A justiça seletiva é reacionária?
Diga não à justiça seletiva. Quando declarações consideradas ofensivas vêm de figuras alinhadas ao campo político do PT, PSB e PSOL, muitas lideranças e militantes que costumam defender minorias permanecem em silêncio.
O ministro Gilmar Mendes foi acusado de fazer declarações interpretadas por críticos como homofóbicas, enquanto o ator Lima Duarte também foi alvo de críticas por uma fala considerada racista. Ainda assim, parte dos grupos que se apresentam como defensores da diversidade reagiu de forma tímida ou sequer se manifestou.

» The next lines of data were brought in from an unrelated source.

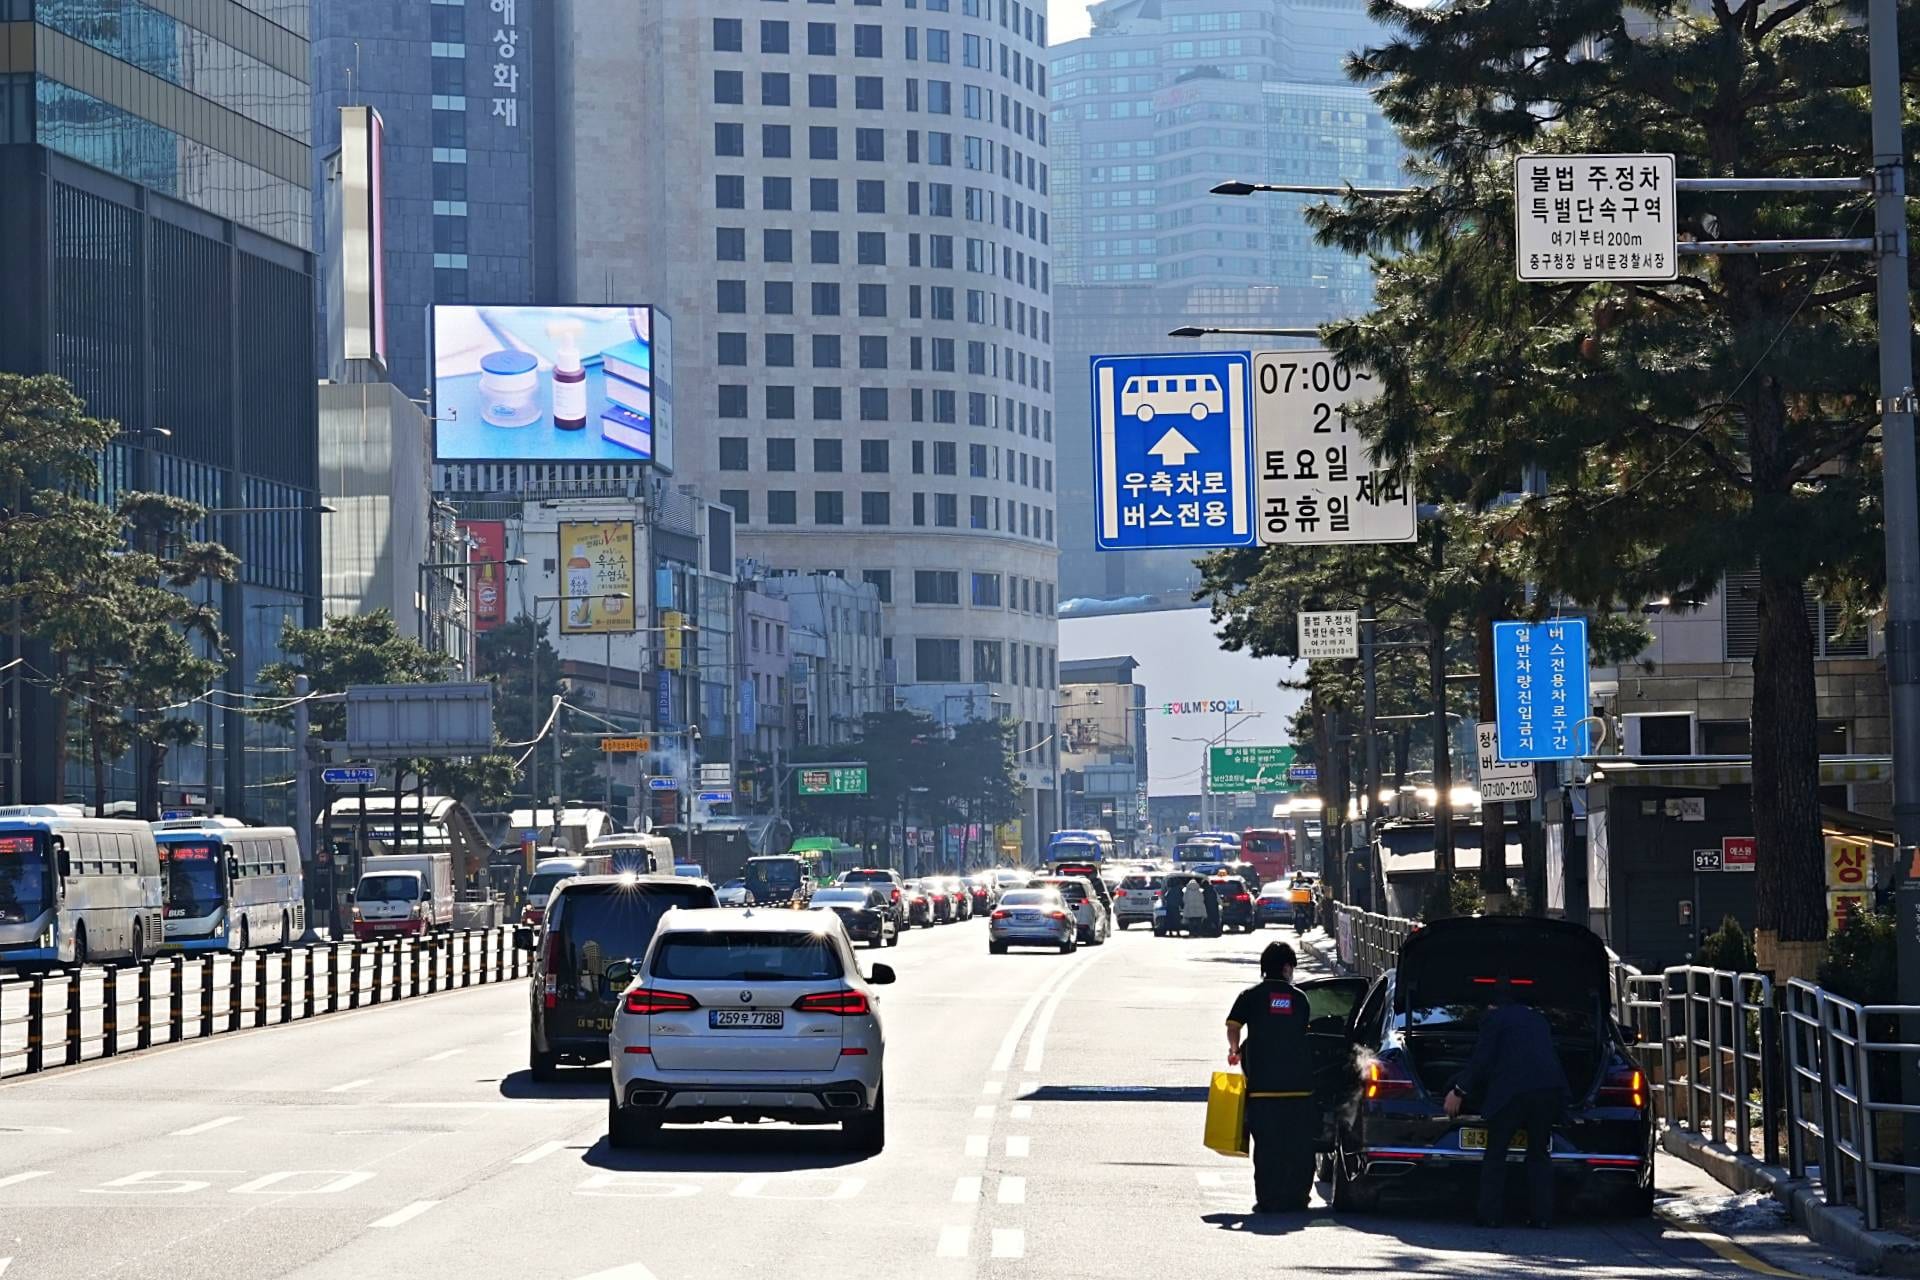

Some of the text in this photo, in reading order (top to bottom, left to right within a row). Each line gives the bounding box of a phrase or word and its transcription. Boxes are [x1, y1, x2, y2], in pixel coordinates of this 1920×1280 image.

[490, 0, 519, 127] 해상화재
[1530, 164, 1660, 192] 불법 주.정차
[1531, 197, 1661, 224] 특별단속구역
[1530, 253, 1664, 270] 중구청장 남대문경찰서장
[1263, 445, 1348, 482] 토요일
[1123, 471, 1227, 498] 우측차로
[1123, 501, 1227, 529] 버스전용
[1264, 495, 1350, 533] 공휴일
[1515, 628, 1534, 751] 일반차량진입금지
[1549, 626, 1569, 750] 버스전용차로구간
[1696, 856, 1720, 866] 91-2
[1271, 999, 1291, 1008] LEGO
[751, 1010, 781, 1025] 7788
[79, 1171, 378, 1194] 50

Esse silêncio, segundo os críticos, não é recente. Há quem aponte que muitos desses setores também evitaram condenar perseguições históricas contra homossexuais em países como Cuba e Russia. A coerência, portanto, acaba ficando em segundo plano quando a conveniência política fala mais alto.

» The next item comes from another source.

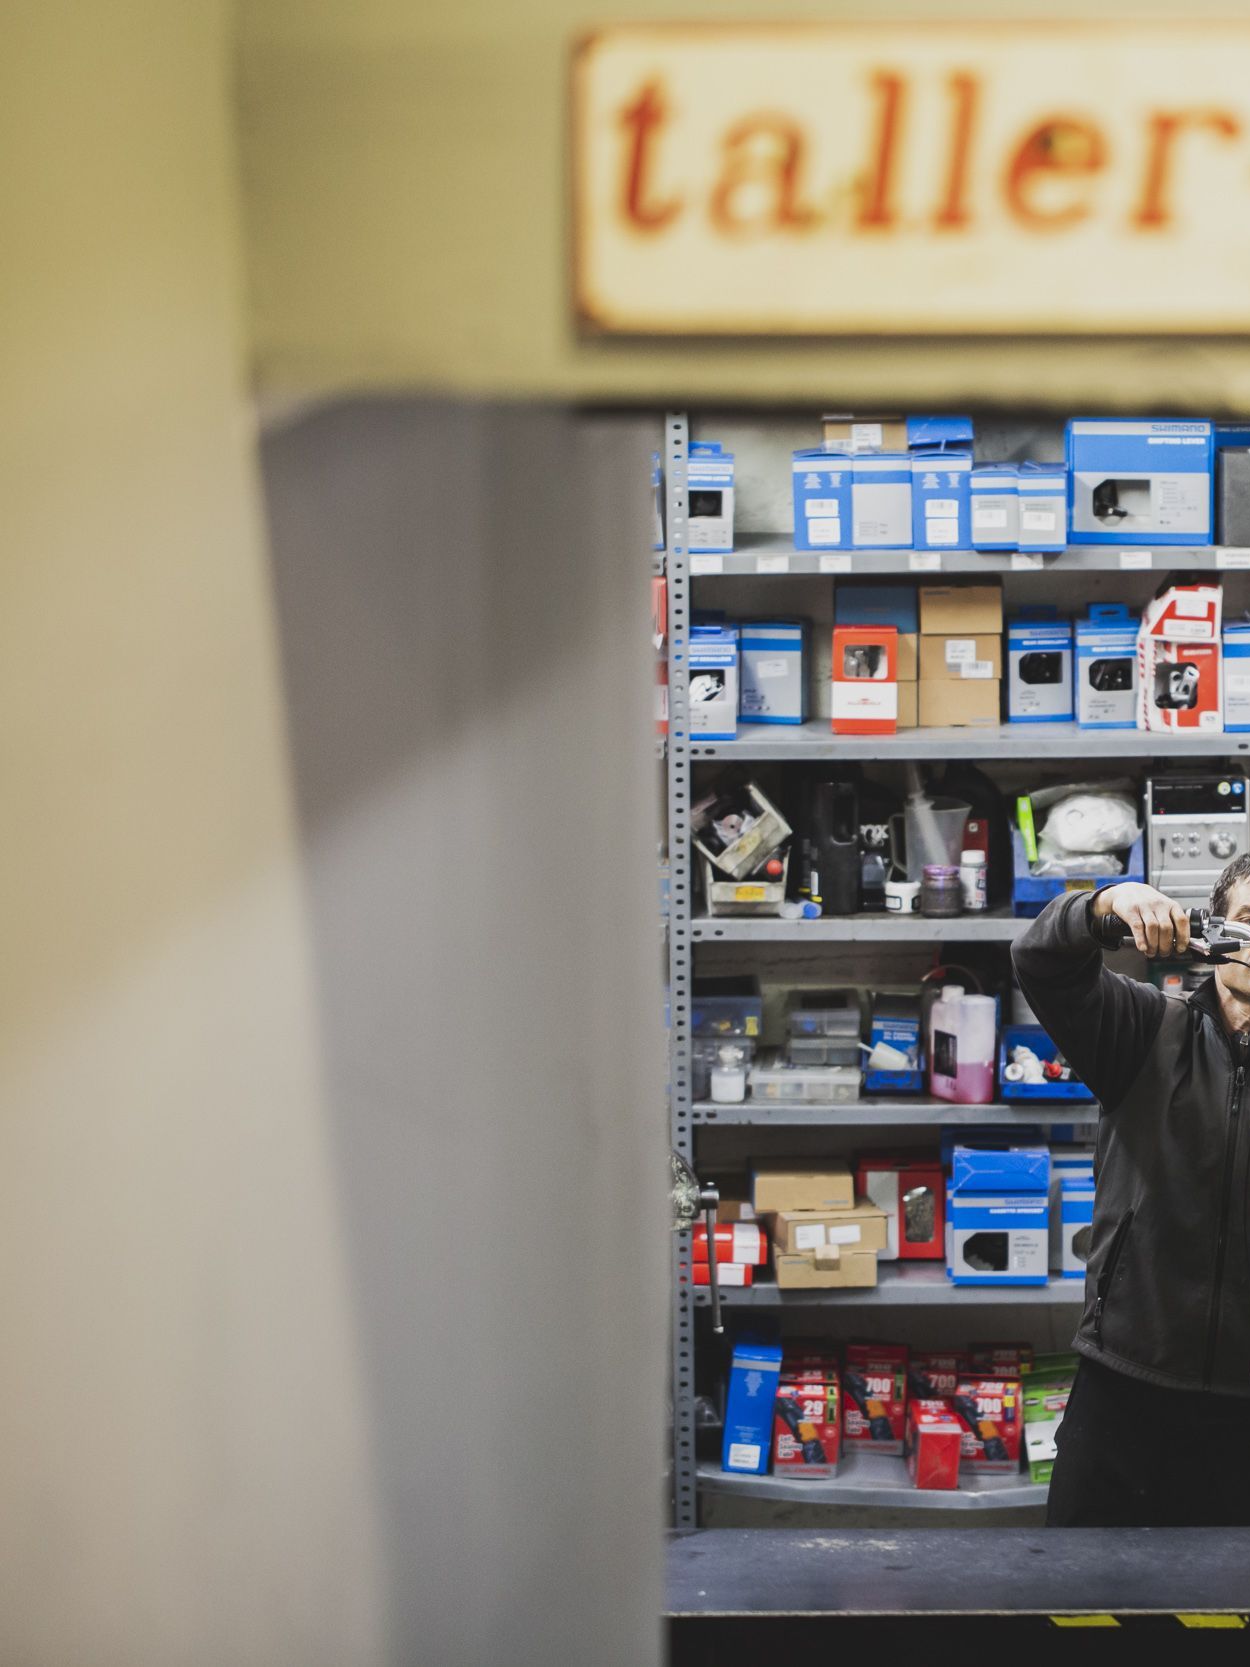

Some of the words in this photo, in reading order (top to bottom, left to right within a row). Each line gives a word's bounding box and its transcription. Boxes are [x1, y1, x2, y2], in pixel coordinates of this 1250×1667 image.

Nenhum extremismo merece aplauso. Seja de direita ou de esquerda, radicalismos políticos frequentemente se afastam das necessidades reais do povo. Em vez de bravatas, discursos vazios e disputas ideológicas intermináveis, o Brasil precisa de projetos concretos que ampliem a mobilidade social, gerem oportunidades e melhorem a vida da classe trabalhadora e das pessoas mais humildes.